2. La voluntad de Dios, como causa primera y universal, no excluye las causas intermedias en cuya capacidad está el que se den algunos efectos. Pero como no todas las causas intermedias se adecúan a la capacidad de la causa primera, hay muchas cosas en el poder, saber y voluntad de Dios que no entran en el orden de las causas inferiores, como, por ejemplo, la resurrección de Lázaro. Por eso, quien se detuviera sólo ante las causas inferiores, podría decir: Lázaro no resucitará. Pero quien lo hiciera ante la causa primera divina, podría decir: Lázaro resucitará. Y ambas cosas quiere Dios, es decir, que algo sea futuro según la causa inferior, y que, sin embargo, no sea futuro según la causa superior. Y viceversa. Por lo tanto, hay que decir que Dios anuncia a veces como futuro algo que está dentro del orden de las causas inferiores, como, por ejemplo, dentro de la disposición de la naturaleza o dentro de los méritos; y que, sin embargo, no hace porque en la causa superior divina hay otra determinación. Ejemplo: Como nos consta en Is 38,1, predijo de Ezequías: Prepara tu casa, porque morirás, no vivirás. Y, sin embargo, no sucedió así porque había otra determinación en la inmutable ciencia y voluntad de Dios. Por todo lo cual, dice Gregorio: Dios modifica la sentencia, pero no su consejo, esto es, su voluntad. Por lo tanto, cuando dice yo me arrepentiré, hay que entenderlo en sentido metafórico, pues cuando los hombres no cumplen sus amenazas, parecen arrepentirse.

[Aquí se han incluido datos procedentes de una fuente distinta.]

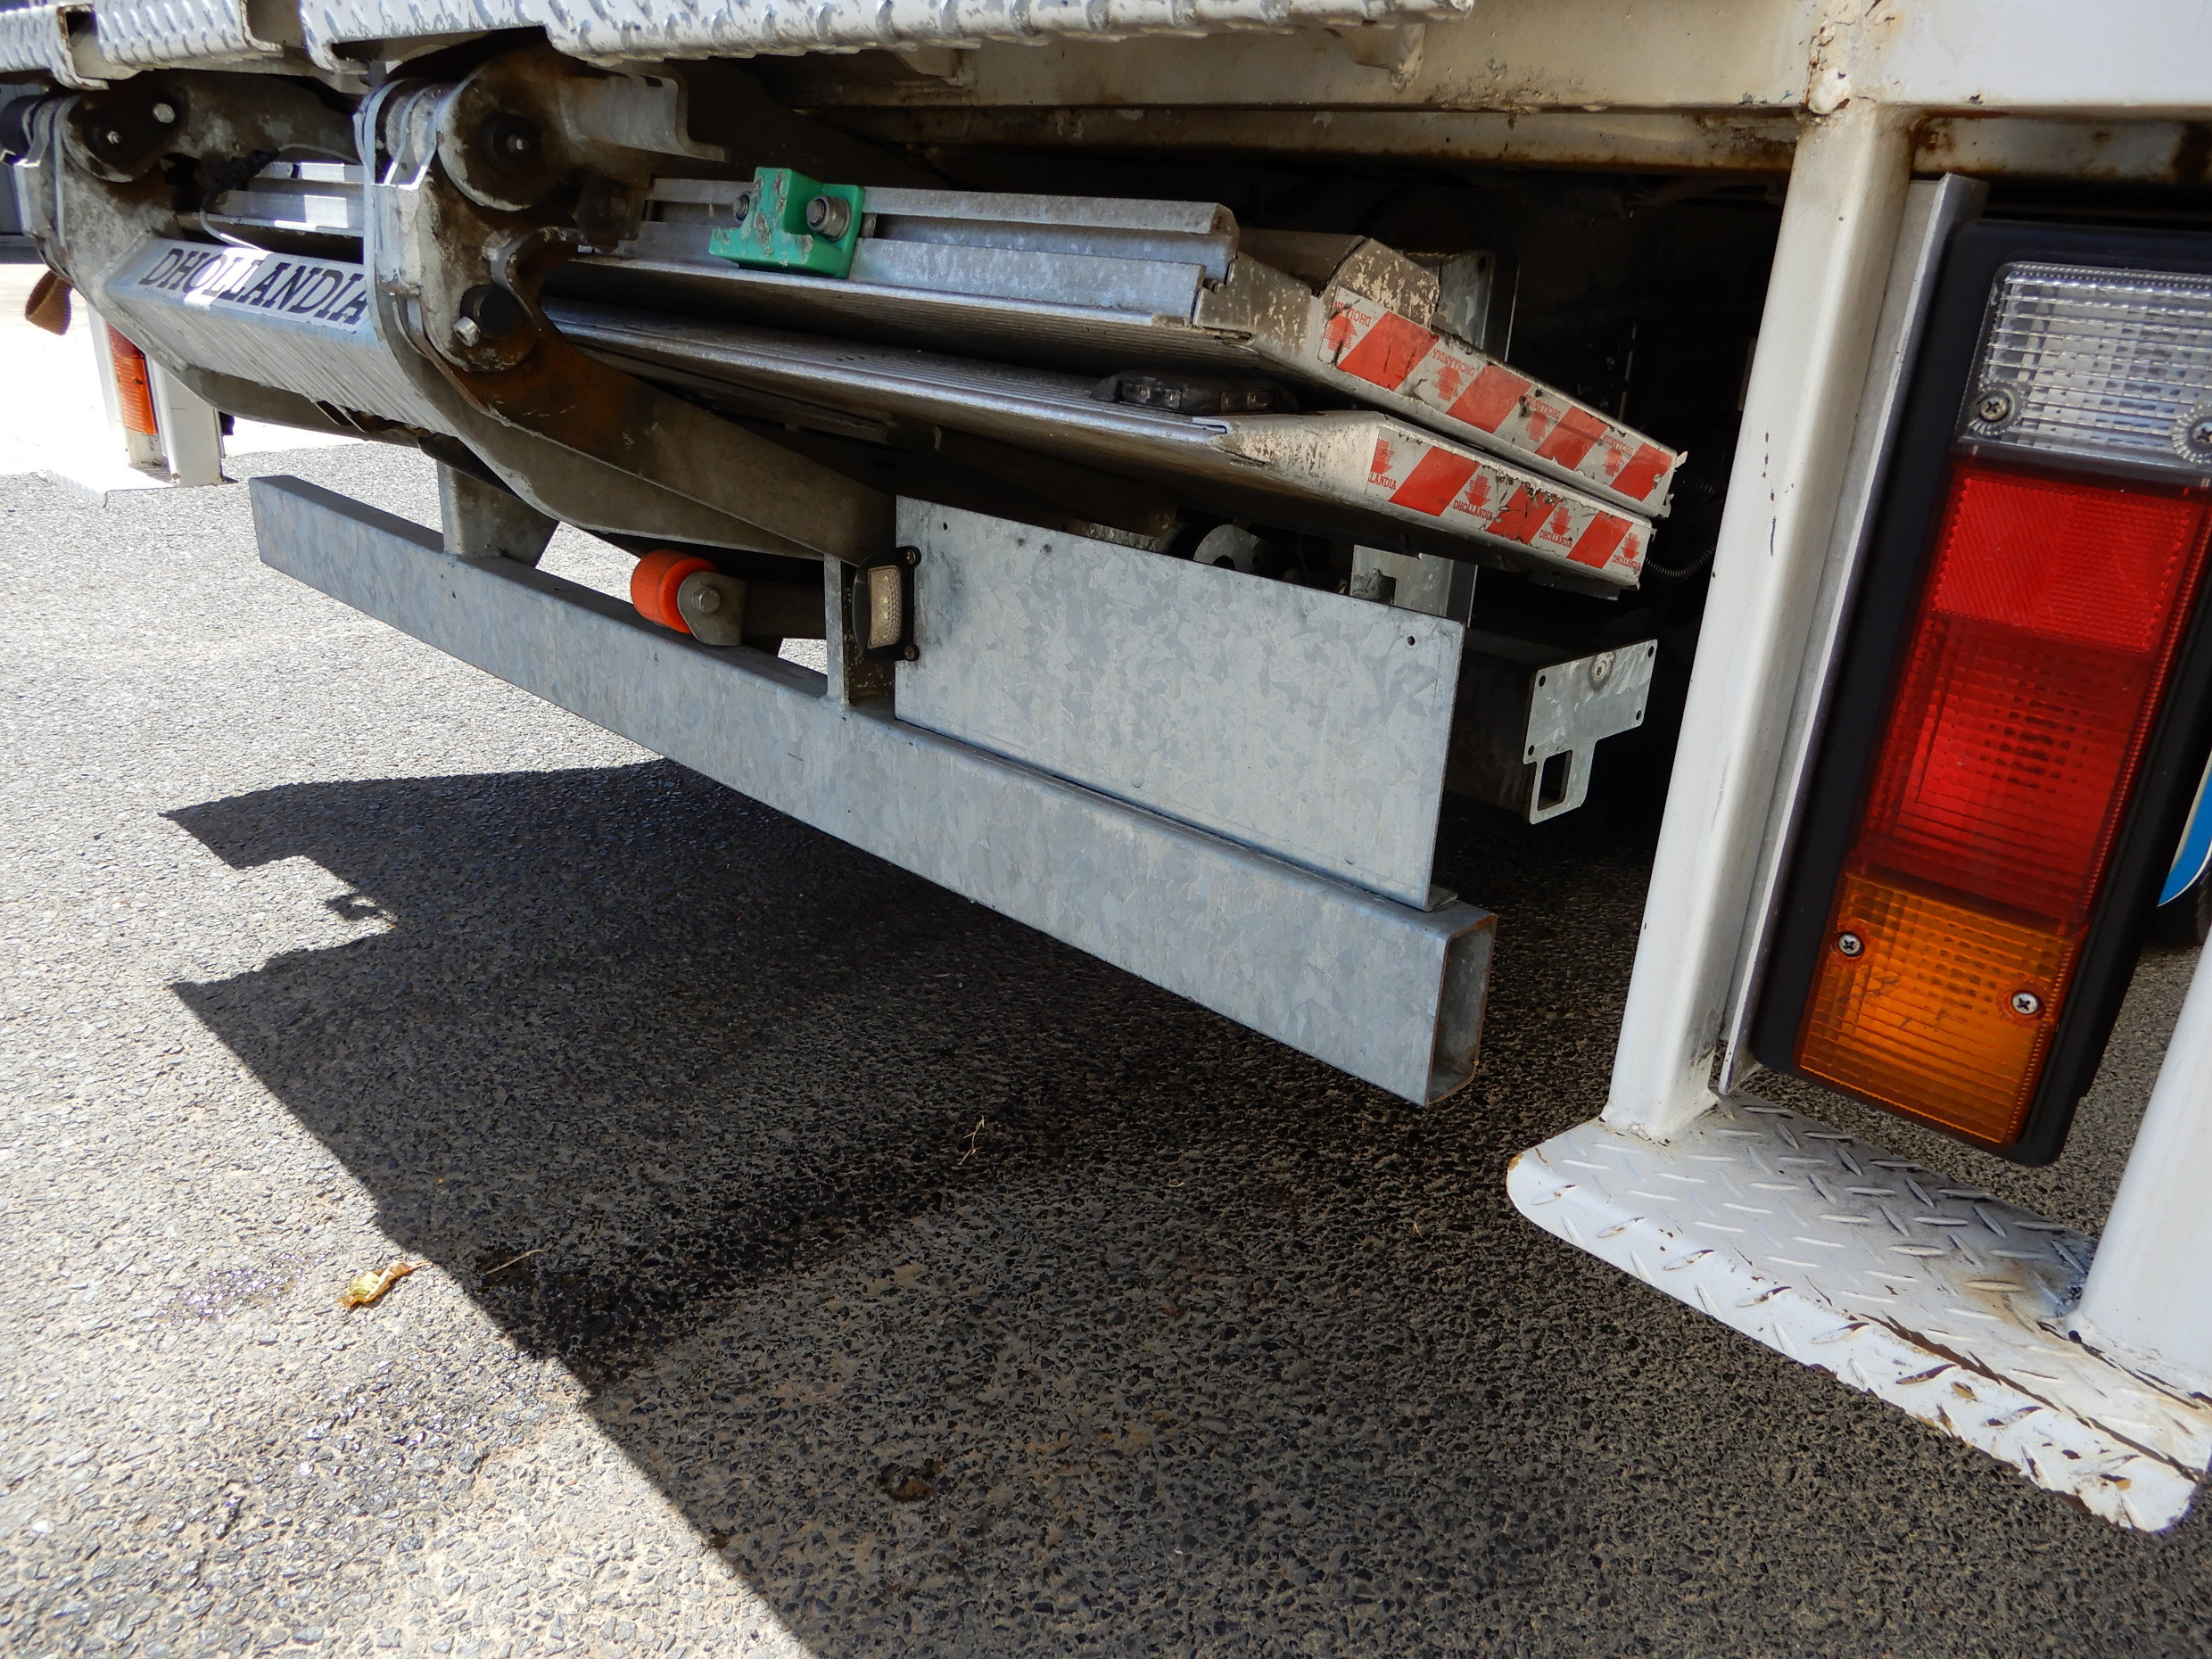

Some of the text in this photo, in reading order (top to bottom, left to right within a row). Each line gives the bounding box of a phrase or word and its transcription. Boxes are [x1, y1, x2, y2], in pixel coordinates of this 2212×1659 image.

3. De aquel argumento no puede deducirse la conclusión de que la voluntad de Dios es cambiable; sino que quiere el cambio.
4. Aun cuando a Dios no le es absolutamente necesario querer algo, sin embargo, sí es necesario según lo supuesto, es decir, por la inmutabilidad de la voluntad divina, como ya se dijo (a.3).